From the Producer
By Halogen TV | January 13, 2012 at 11:19 am
Excerpted from “Art Race” producer Seb Grant’s post at www.illuminationsmedia.co.uk:
Overall, I’m still in awe of the two artists, Ben and Kenny. It was an extraordinary risk both professionally and personally for them, and yet they embraced the challenge in good faith and (mostly) good humour. At times, it was absurdly tough — particularly for Ben on the East Coast and Kenny in the mid-West. An exhausting, endless hustle across 40 days straight — never knowing where they were going to sleep, never knowing how they’d travel and having little notion of where the money for their next meal would come.

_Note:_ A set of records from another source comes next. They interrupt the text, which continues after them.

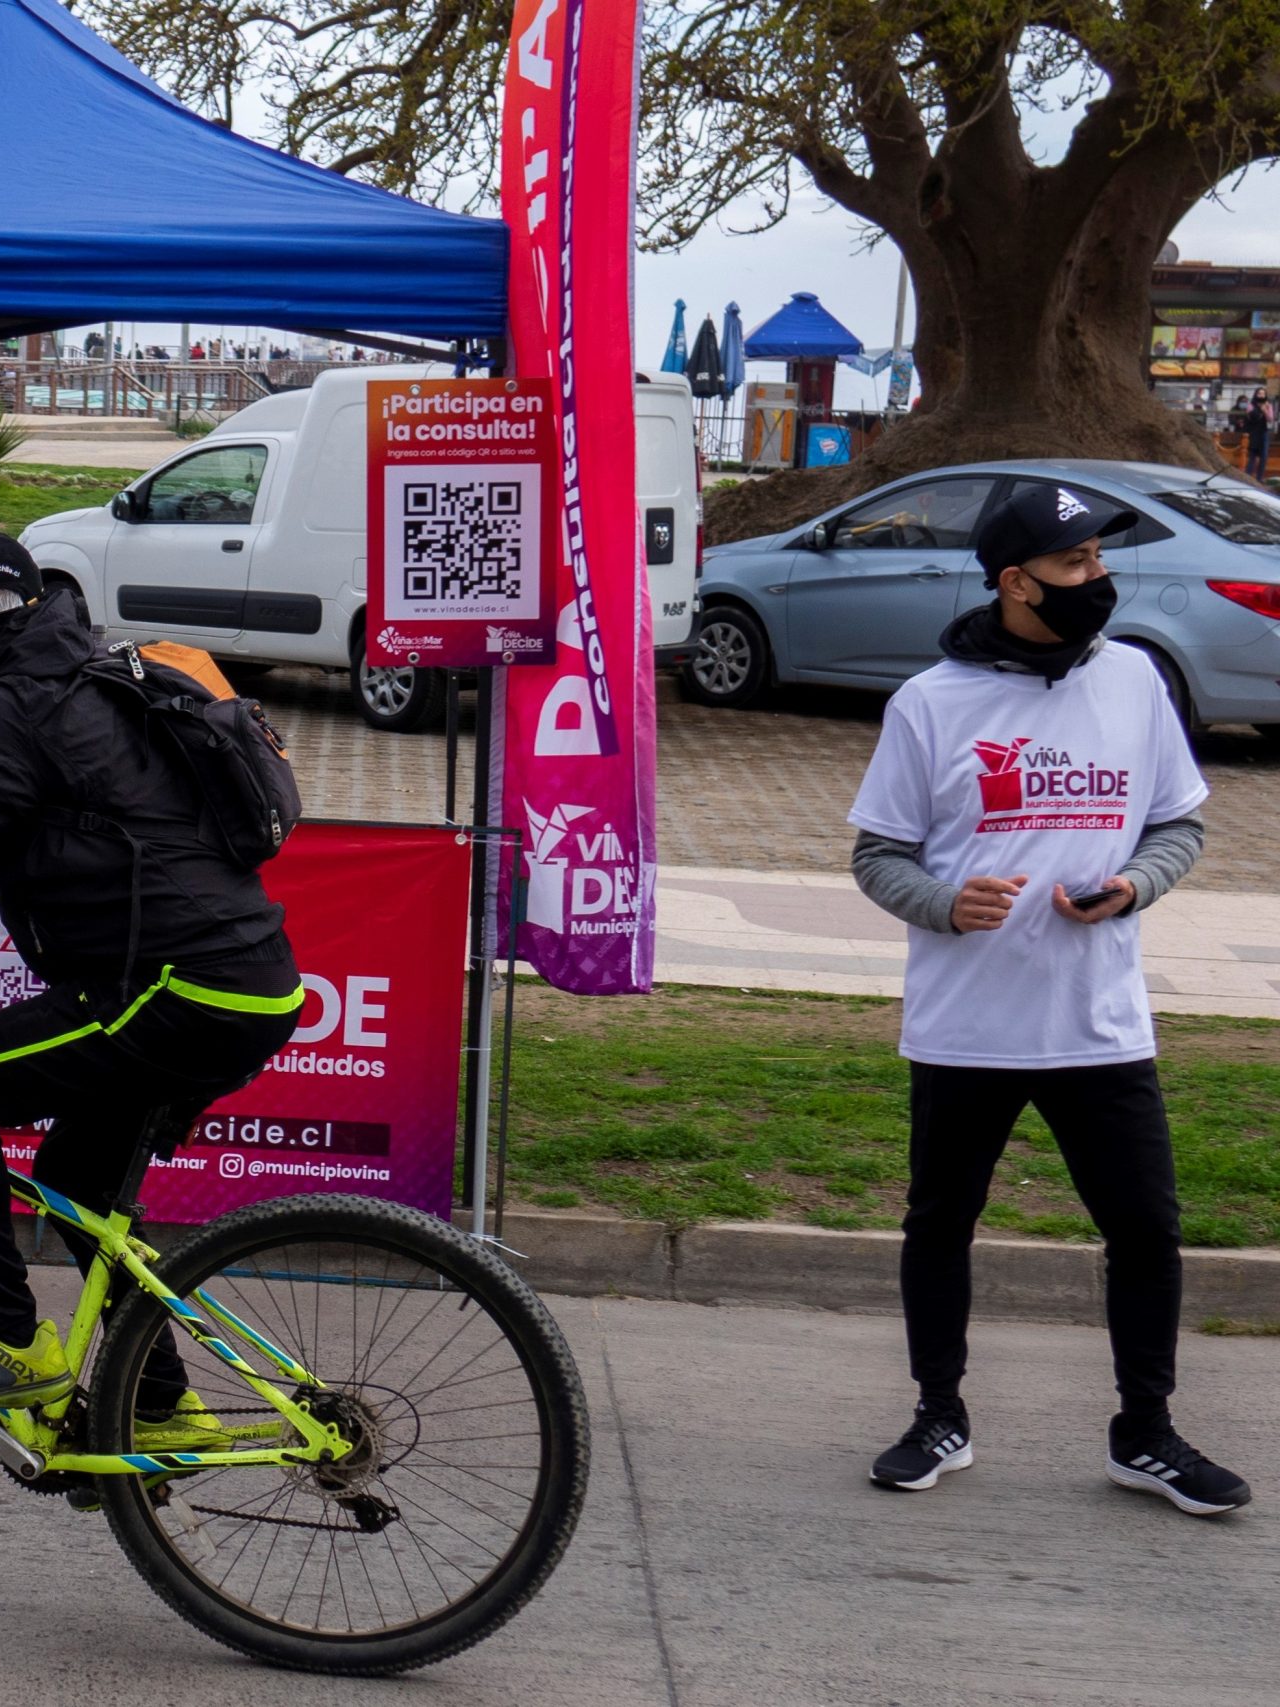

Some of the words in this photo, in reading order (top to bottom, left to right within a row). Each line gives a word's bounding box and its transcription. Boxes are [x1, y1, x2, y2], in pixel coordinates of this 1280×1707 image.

[383, 391, 506, 420] ¡Participa
[511, 396, 543, 412] en
[387, 420, 411, 441] la
[415, 419, 536, 441] consulta!
[420, 449, 436, 457] con
[438, 448, 445, 457] el
[478, 448, 490, 456] QR
[499, 448, 516, 456] sitio
[517, 448, 536, 456] web
[1025, 799, 1072, 810] Municipio
[1074, 799, 1086, 808] de
[984, 815, 1118, 831] www.vinadecide.cl
[288, 973, 390, 1048] DE
[263, 1049, 386, 1078] uidados
[195, 1116, 332, 1148] cide.cl
[248, 1160, 391, 1182] @municipiovina

Add to those pressures, the continual presence of a television crew and the responsibility to engage with the cameras — never mind completing all their artwork under such scrutiny, and I’m amazed that they made it through to the end.
I’m also in awe of the people we encountered along the way — the folk who helped Ben and Kenny with a bed or a meal or some small change. The crew and I talked endlessly about whether the same format would work in the UK and — time and time again — we rejected the idea. Perhaps I’ve been overly-skewed with metropolitan values but I genuinely don’t know how we compare as a nation to collective America’s curiosity, generosity, enthusiasm and kindness. Maybe my memories are hazy… perhaps our British accents helped… perhaps there’s more excitement about television crews in middle America than the UK — but we left the United States last August humbled by American kindness.

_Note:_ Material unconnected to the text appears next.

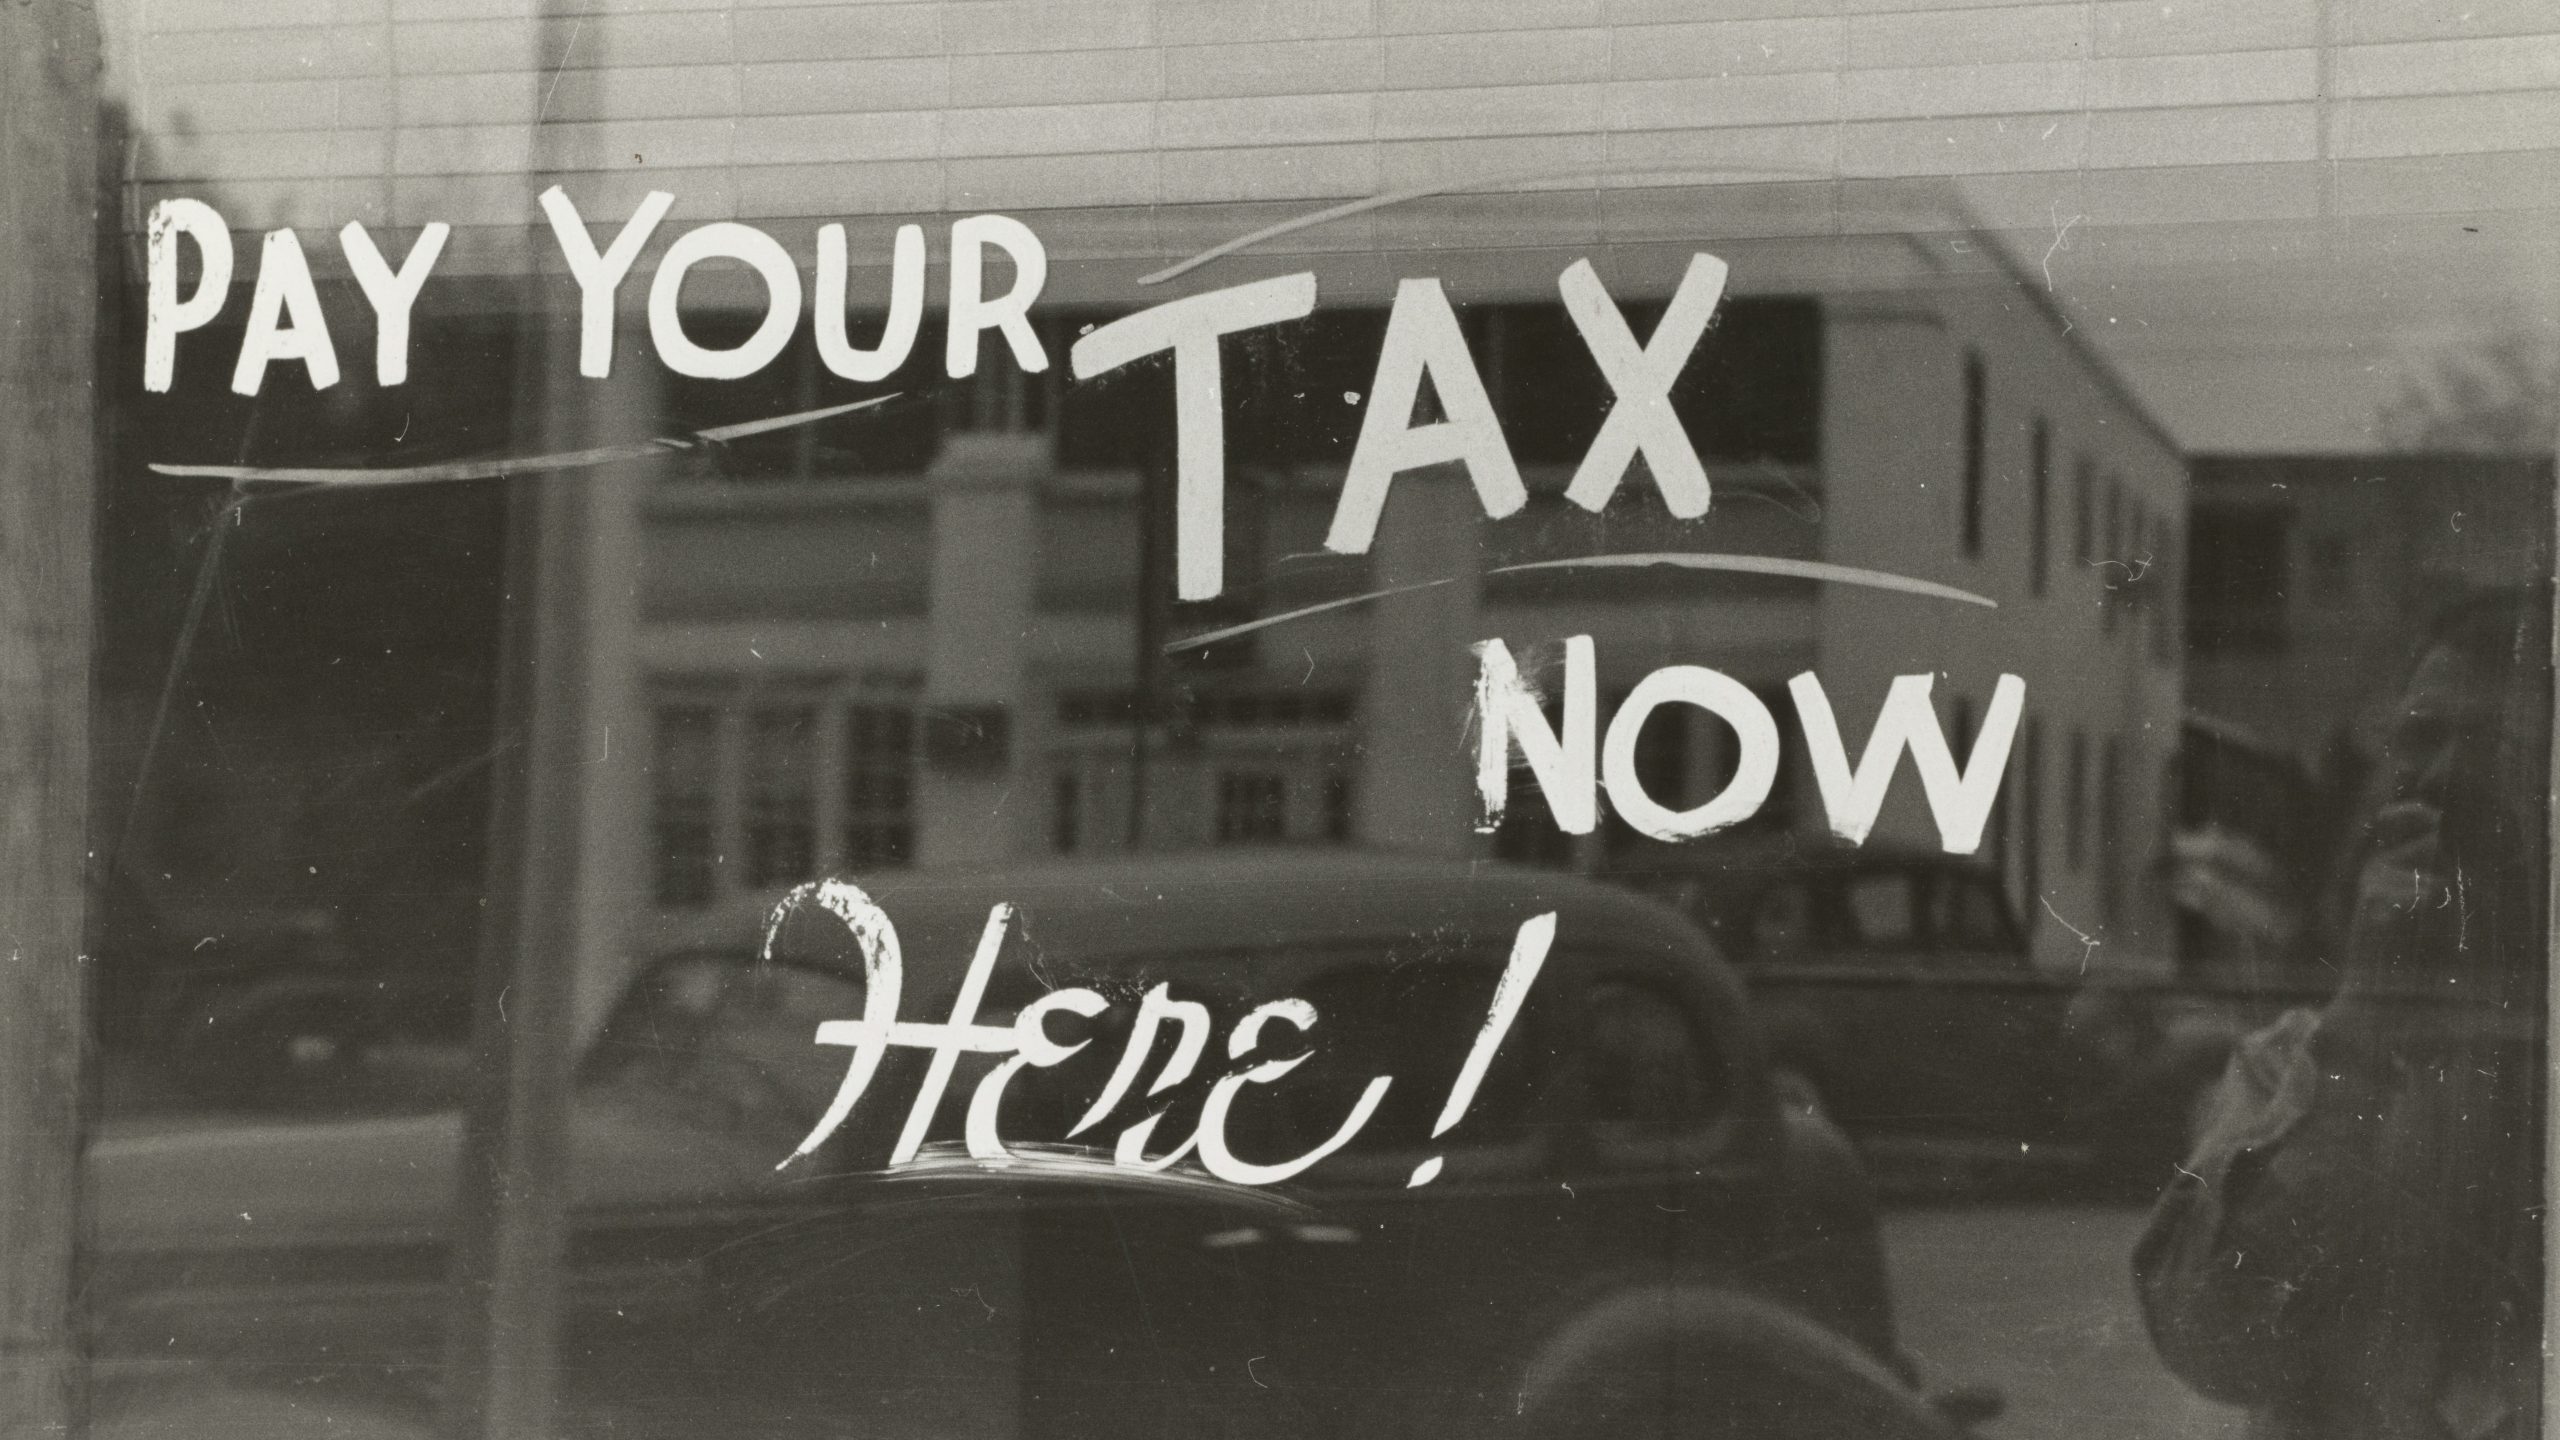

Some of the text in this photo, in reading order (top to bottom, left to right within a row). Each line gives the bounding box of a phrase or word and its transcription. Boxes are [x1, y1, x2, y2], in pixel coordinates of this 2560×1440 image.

[145, 185, 1048, 395] PAY YOUR
[1073, 253, 1727, 601] TAX
[1475, 634, 2025, 854] NOW

Inevitably, one remembers snapshots of the trip: spending the night in a bowling alley porch (because Kenny had no money), watching Kenny trade doggy-portraits, bargaining for chips in Las Vegas, flying over the Grand Canyon and ballooning in Aspen (the trades became more ambitious as our confidence grew) but it was a sensational experience — waking up each morning and genuinely having no idea about what would happen to us, and where our stories for each day would emerge.
Perhaps the absurdities of last summer are all the more exaggerated now that we are in production of our second major Shakespeare performance piece of the year. A crew of four has become a crew of forty and logistics are nearing terrifying proportions — but I do miss the Art Race’s simplicity and singularity of purpose.
As to the reality TV nature of the series, I have to say that I enjoyed it. We didn’t need to manufacture drama because the drama was there already (the artists needed to eat, travel and sleep). And nor did we need to create any pantomime villains — it’s impossible not to back Ben and Kenny. We didn’t need to cheat and our thoughtful US commissioning editor ensured that we didn’t need to embrace any fast-cut sensibilities. I’m proud it it.